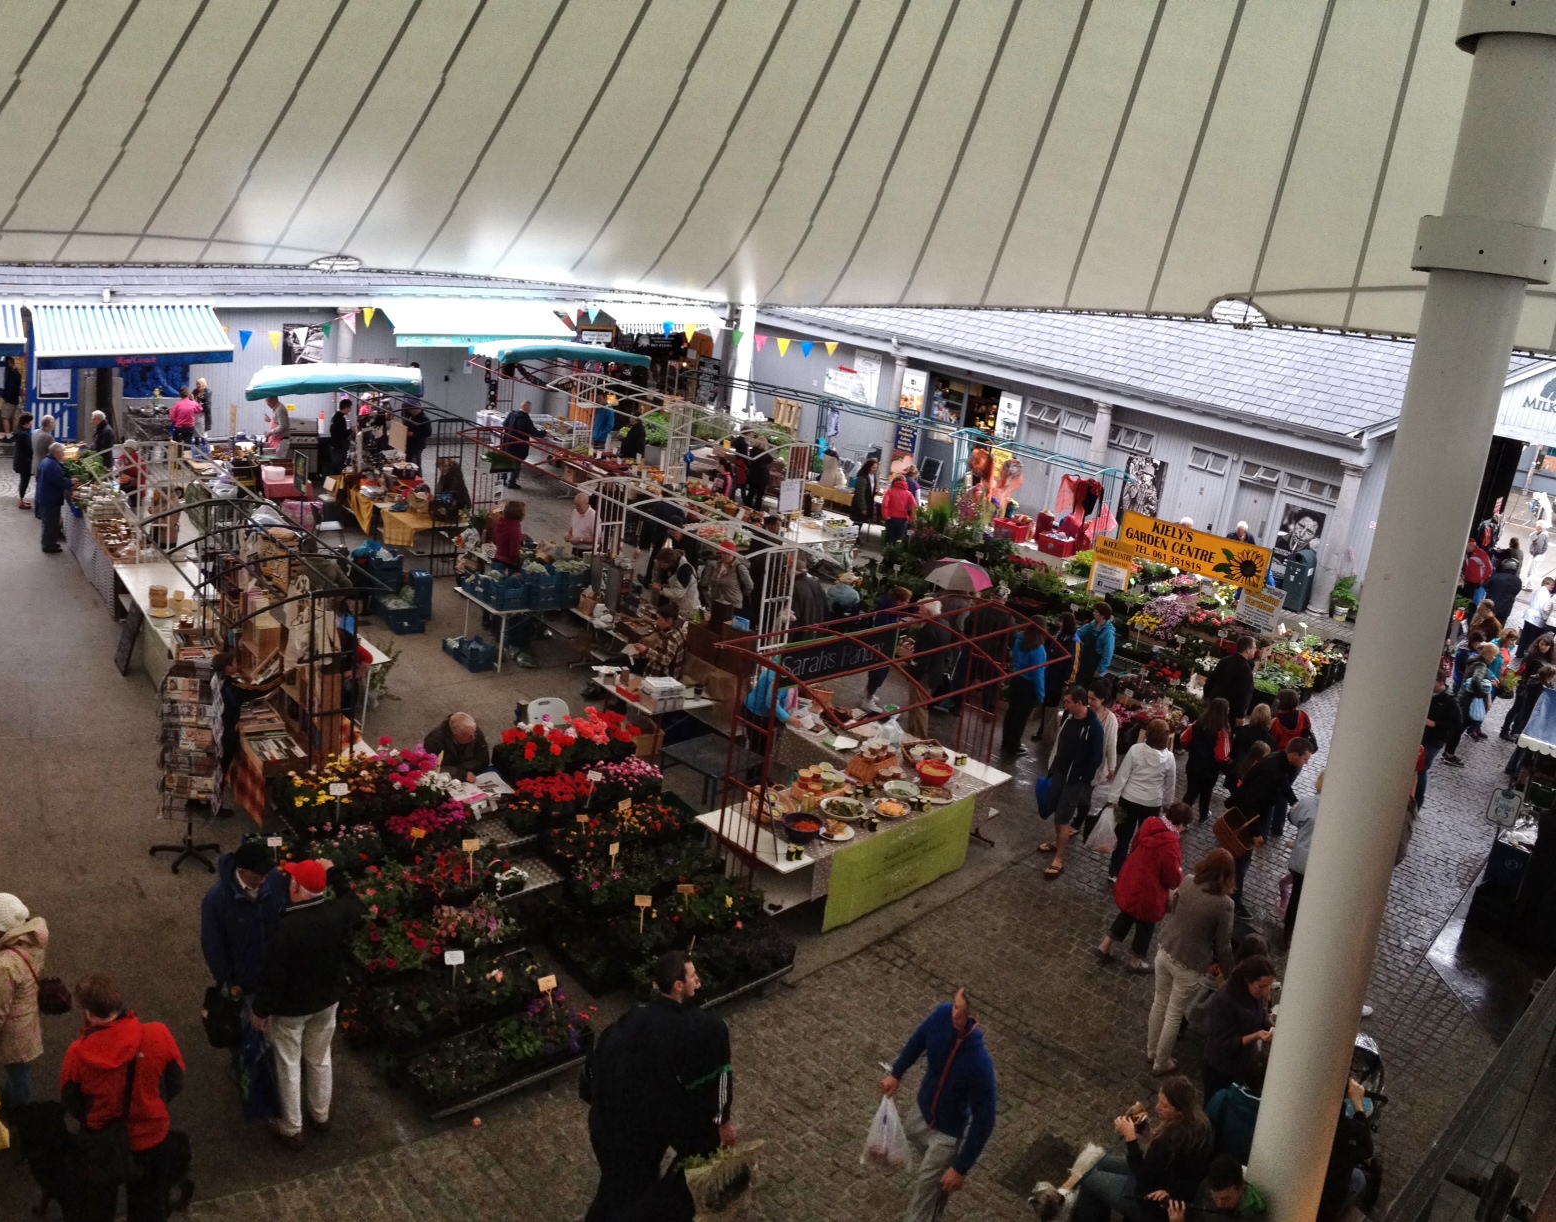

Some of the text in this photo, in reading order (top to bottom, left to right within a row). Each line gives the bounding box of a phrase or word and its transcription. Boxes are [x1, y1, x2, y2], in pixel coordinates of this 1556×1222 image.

[1522, 396, 1556, 413] MILK
[1152, 522, 1193, 543] KIELY'S
[1095, 547, 1132, 562] GARDEN CENTRE
[1126, 528, 1216, 564] GARDEN CENTRE
[1135, 544, 1201, 572] TEL. 061 351818
[781, 651, 837, 679] Sarah's
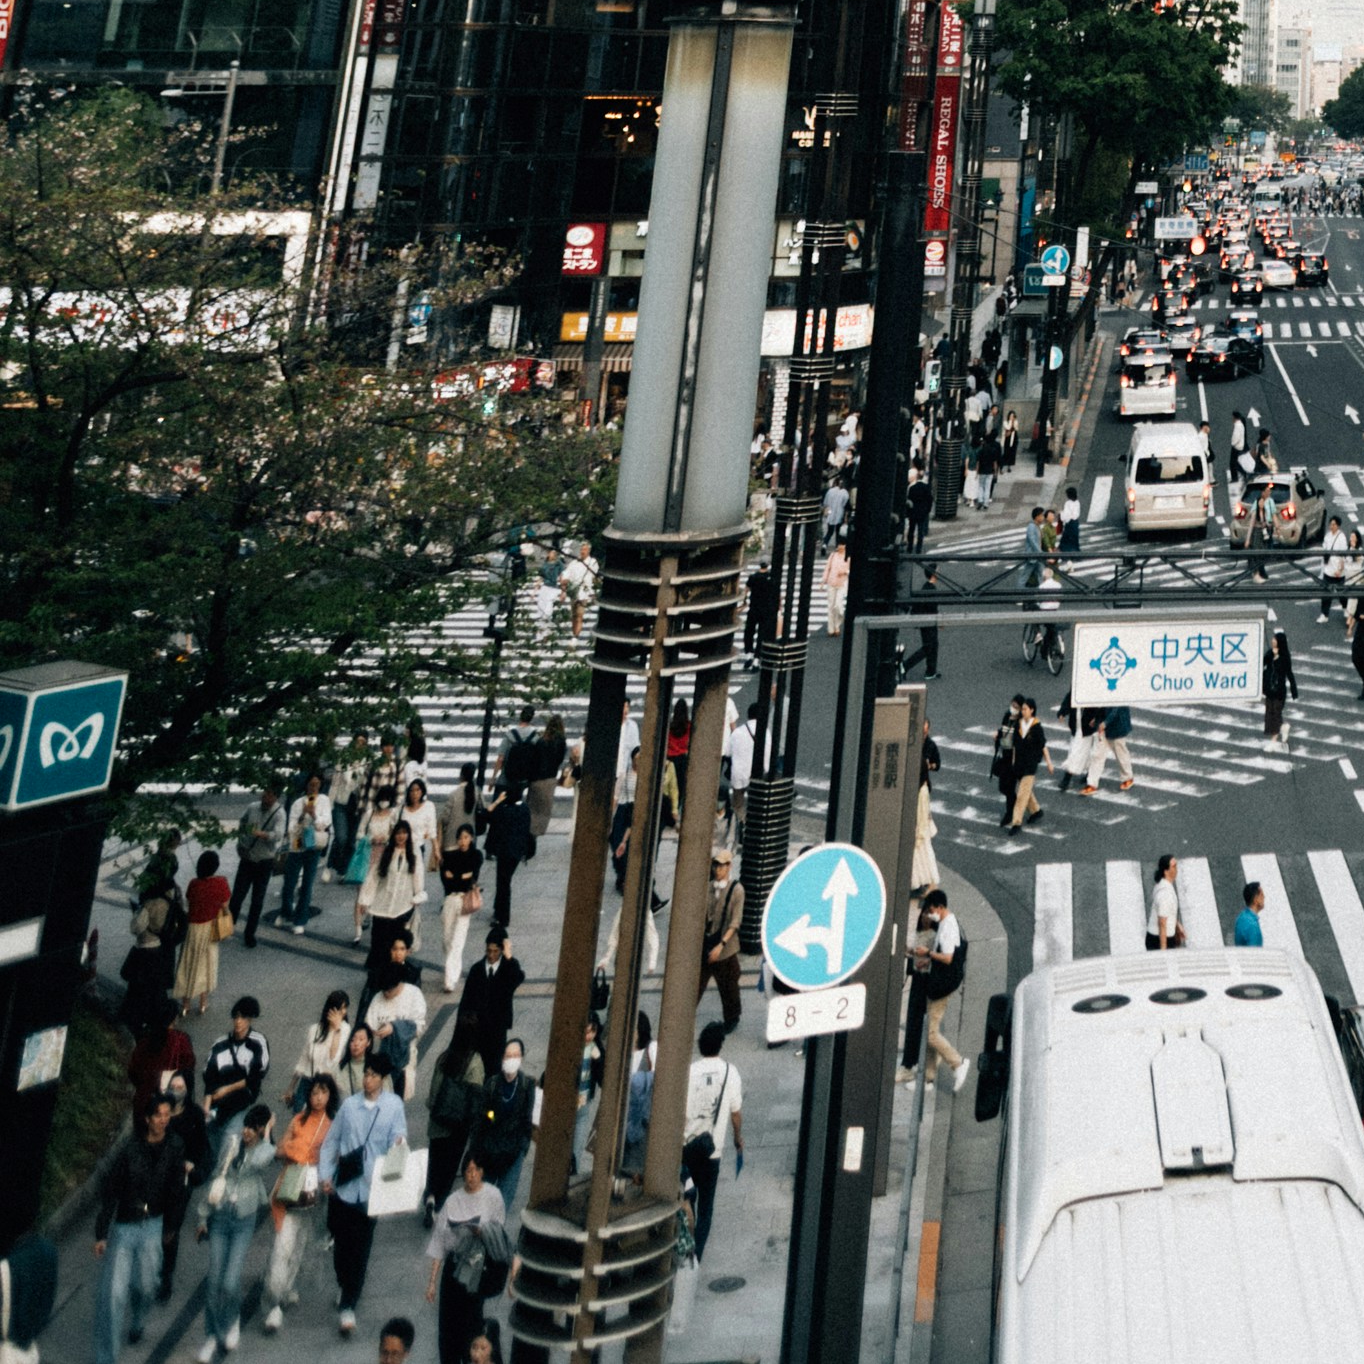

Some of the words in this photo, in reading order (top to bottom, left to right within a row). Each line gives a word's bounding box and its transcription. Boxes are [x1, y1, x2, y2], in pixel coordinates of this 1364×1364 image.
----------
Exercise brief: Reproduce every line of the data above, exactly as it stands, but not the pictures.

Task result:
Some of the text in this photo, in reading order (top to bottom, left to right within a row). Each line gives the bounding box of a phrase or word and its transcription. Boxes are [x1, y1, x2, y2], in pixel coordinates of this 1556×1222 image.

[1522, 396, 1556, 413] MILK
[1152, 522, 1193, 543] KIELY'S
[1095, 547, 1132, 562] GARDEN CENTRE
[1126, 528, 1216, 564] GARDEN CENTRE
[1135, 544, 1201, 572] TEL. 061 351818
[781, 651, 837, 679] Sarah's

Some of the words in this photo, in reading order (top to bottom, left to right within a row). Each line gives a word's bounding box and its transcription. Boxes are [x1, y1, x2, y2], in pixel coordinates of this 1364×1364 image.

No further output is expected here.